:: YOUR TASK ::
Reproduce every line of the material below exactly. No pictures belong in the copy.

:: MATERIALS PROVIDED ::
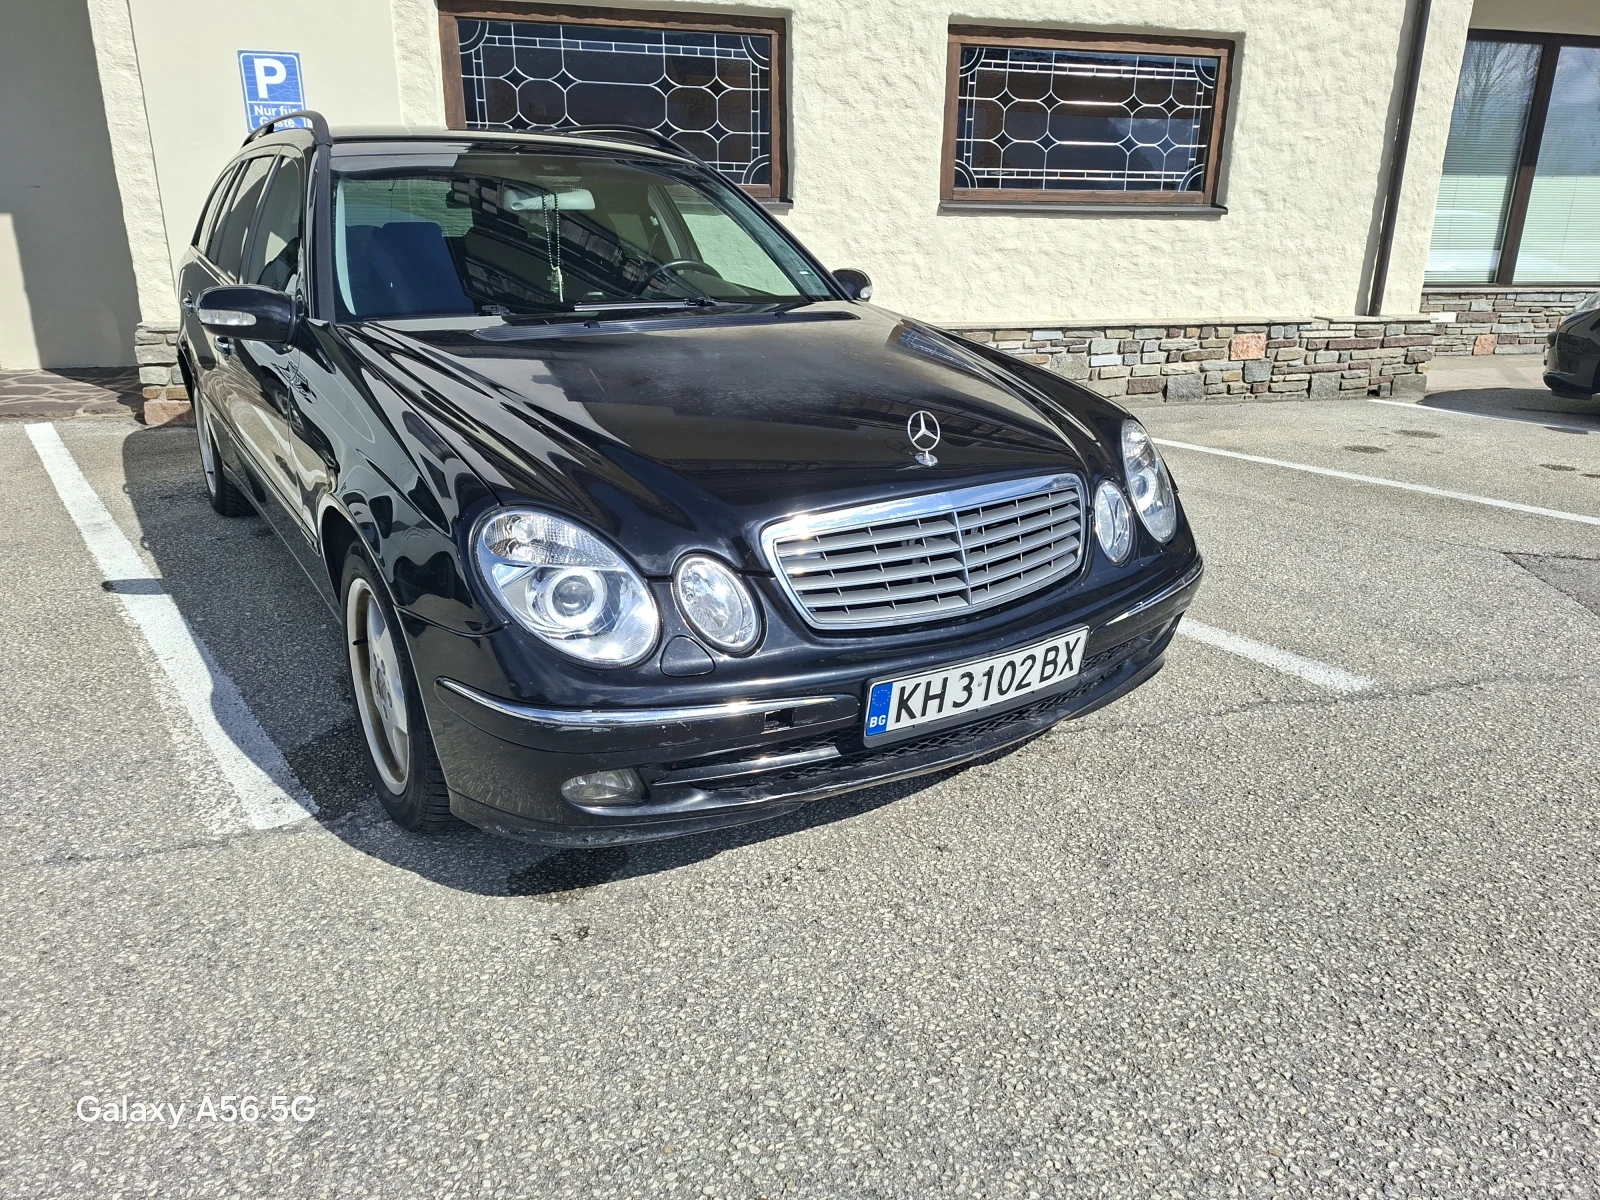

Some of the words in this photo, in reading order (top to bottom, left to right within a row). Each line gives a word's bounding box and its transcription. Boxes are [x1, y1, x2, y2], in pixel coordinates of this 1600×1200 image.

[254, 58, 286, 98] P
[253, 105, 277, 116] Nur
[259, 117, 296, 128] Gste
[869, 715, 886, 728] BG
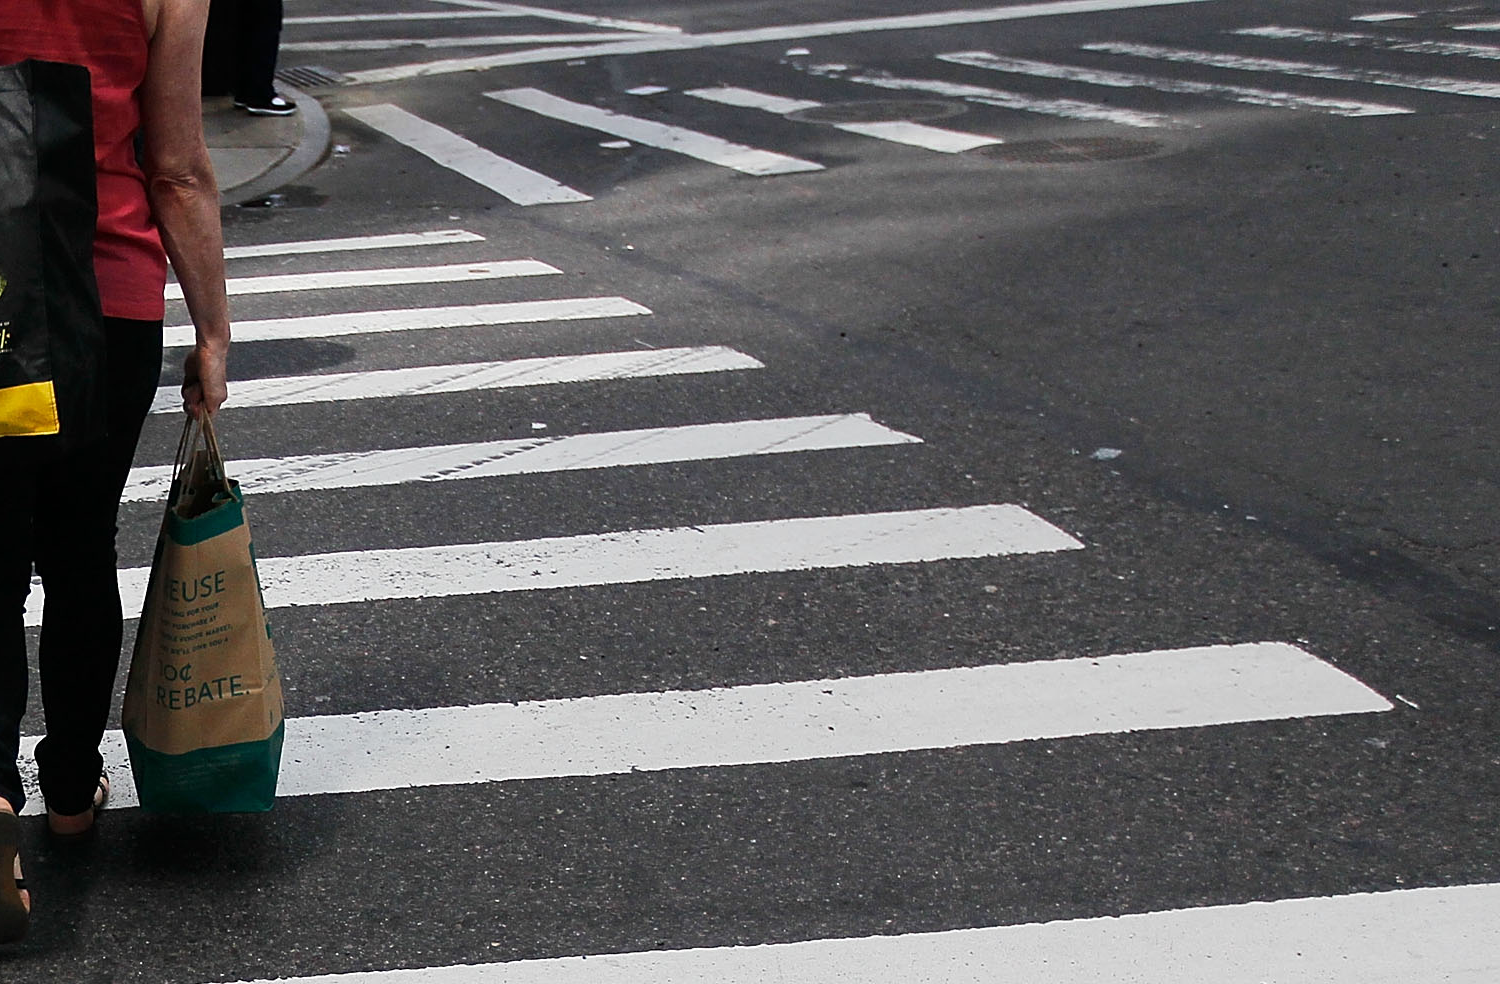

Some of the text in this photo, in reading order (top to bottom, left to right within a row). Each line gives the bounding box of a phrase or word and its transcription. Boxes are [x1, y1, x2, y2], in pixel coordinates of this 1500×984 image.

[186, 607, 200, 617] FOR
[201, 602, 219, 613] YOUR
[172, 618, 208, 631] PURCHASE
[208, 615, 217, 623] AT
[208, 639, 223, 648] YOU
[156, 675, 250, 710] REBATE.
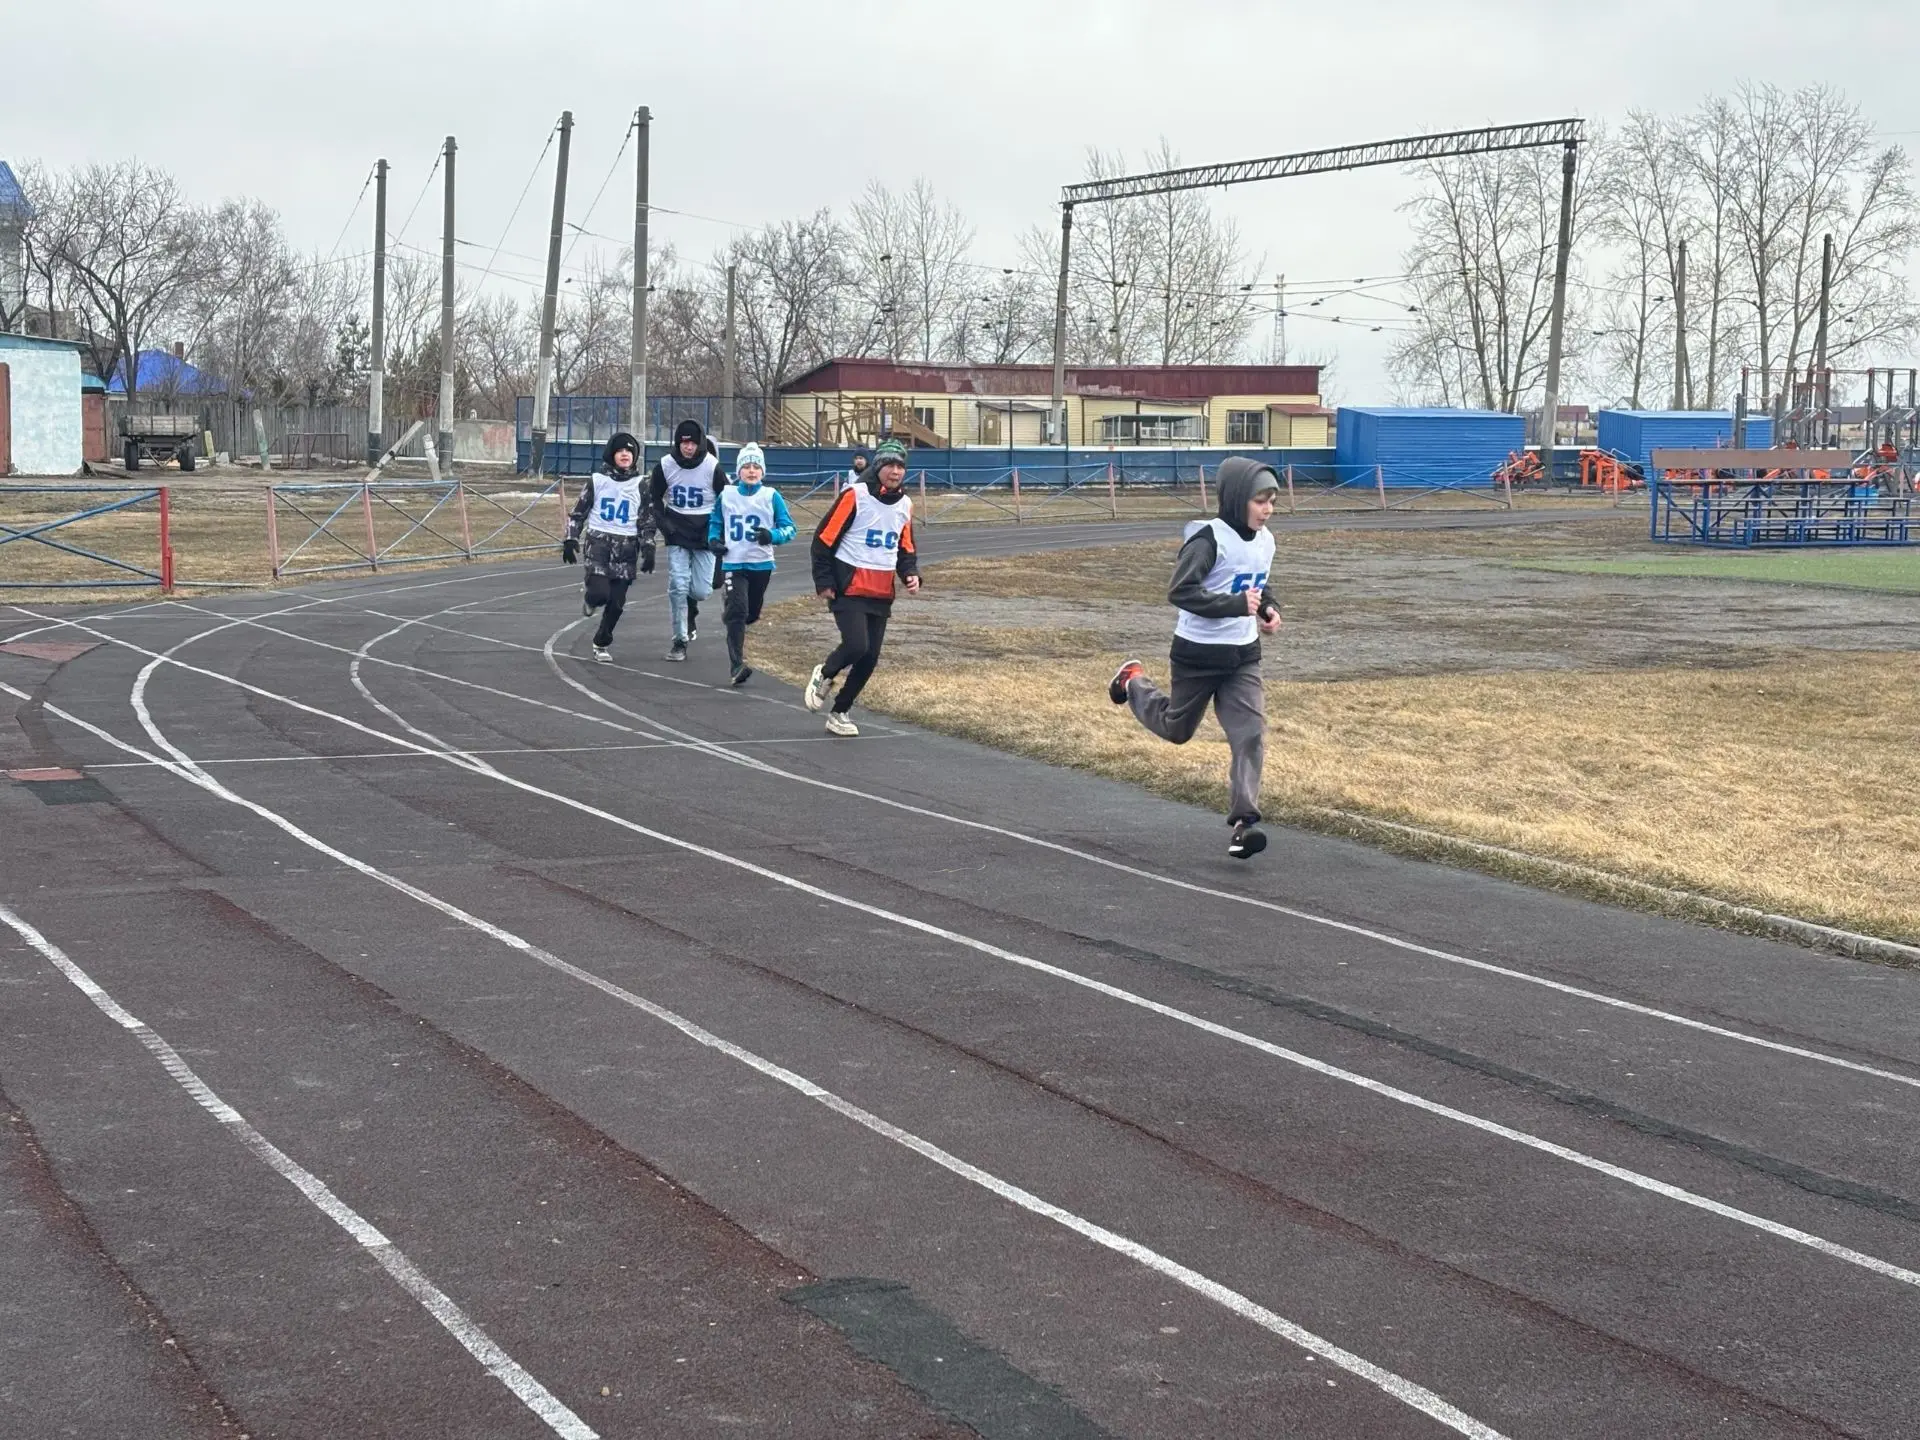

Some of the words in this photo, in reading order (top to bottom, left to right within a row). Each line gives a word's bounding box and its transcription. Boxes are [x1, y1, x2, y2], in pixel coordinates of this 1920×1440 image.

[599, 497, 630, 524] 54
[672, 485, 704, 509] 65
[729, 514, 761, 543] 53
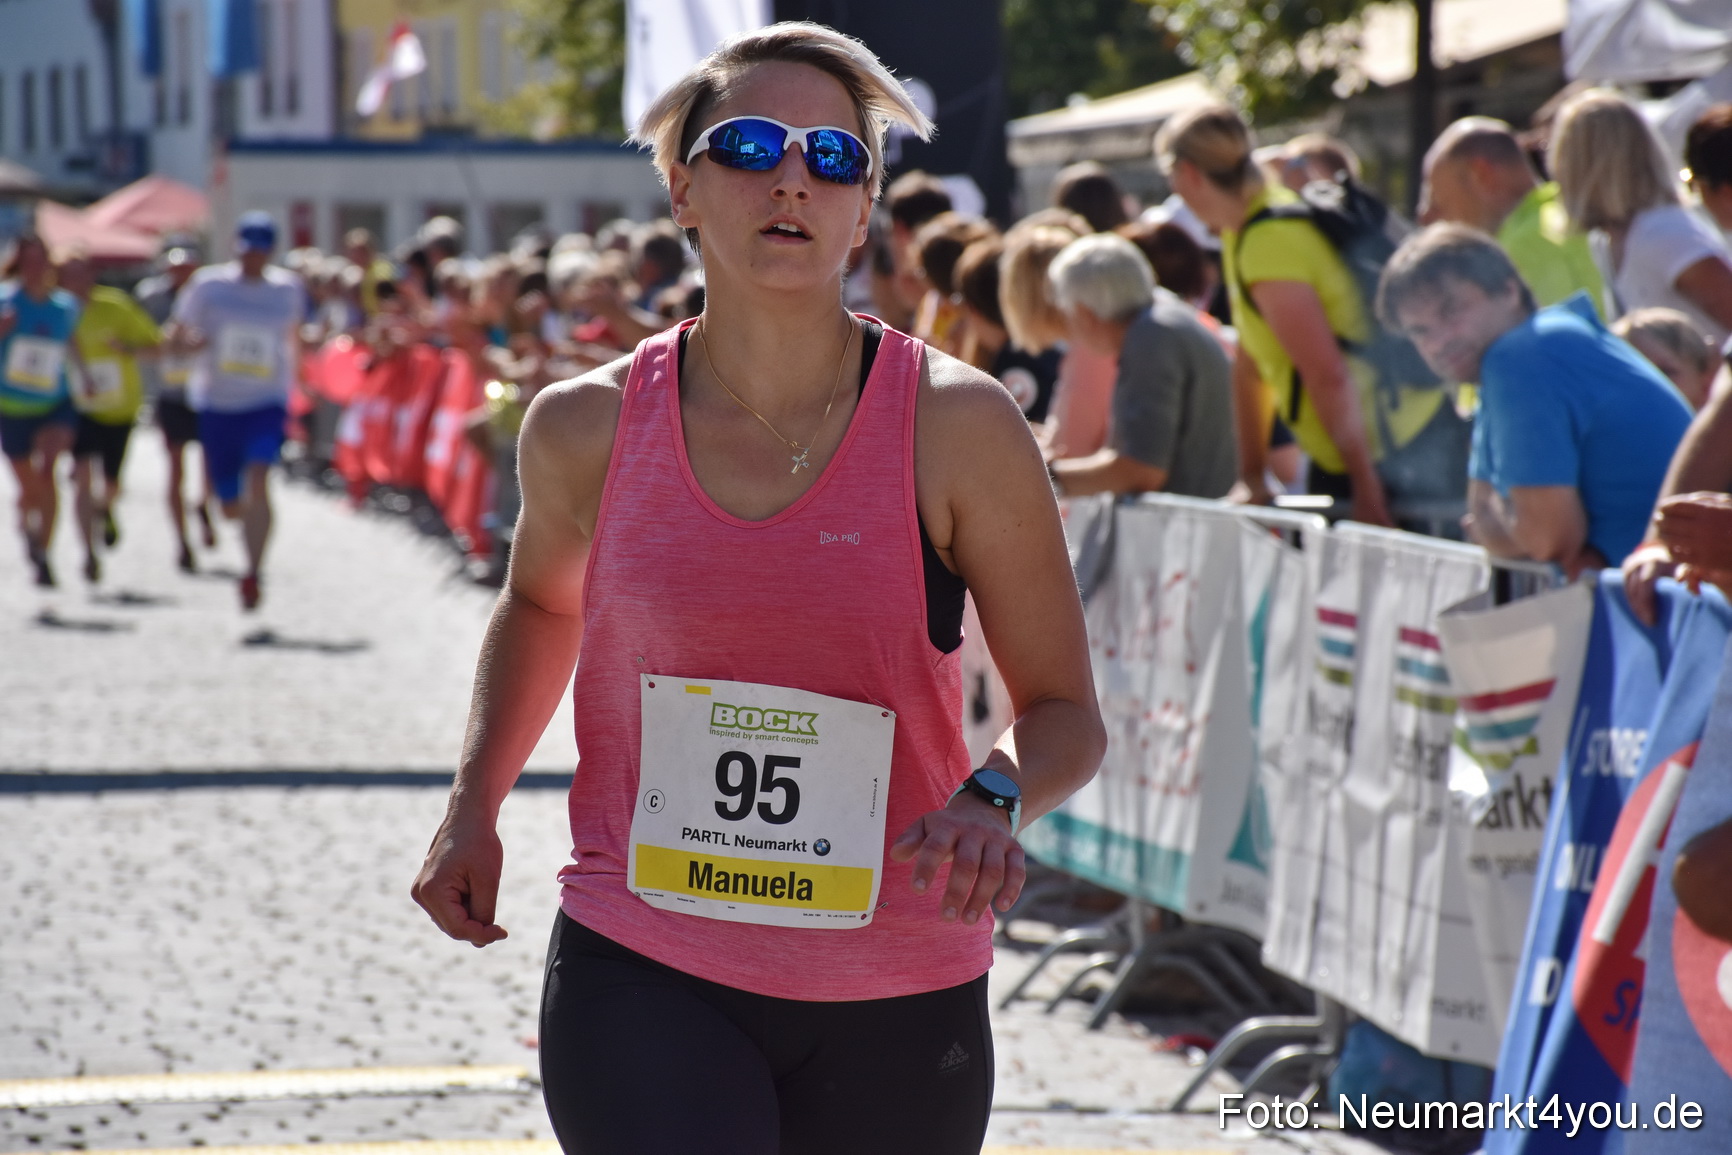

:: RESULT ::
Some of the words in this photo, in reading order (top to bottom, left to right within a row). Each line gives a word's bounding box and its transcription. Boxes are [x1, y1, x2, y2], in pixel coordinates of this 1600×1200 image.

[254, 58, 286, 98] P
[253, 105, 277, 116] Nur
[259, 117, 296, 128] Gste
[869, 715, 886, 728] BG

Some of the text in this photo, in reading order (top to bottom, left to right within a row). Each line gives the bounding box of a phrase or word and its transcription. Boxes are [x1, y1, x2, y2], in pixel coordinates of this 1500×984 image.

[186, 607, 200, 617] FOR
[201, 602, 219, 613] YOUR
[172, 618, 208, 631] PURCHASE
[208, 615, 217, 623] AT
[208, 639, 223, 648] YOU
[156, 675, 250, 710] REBATE.

Some of the words in this photo, in reading order (top to bottom, left to right within a row). Each line gives a word's bounding box and its transcription. Boxes are [x1, y1, x2, y2], in pixel coordinates of this 1920×1440 image.

[599, 497, 630, 524] 54
[672, 485, 704, 509] 65
[729, 514, 761, 543] 53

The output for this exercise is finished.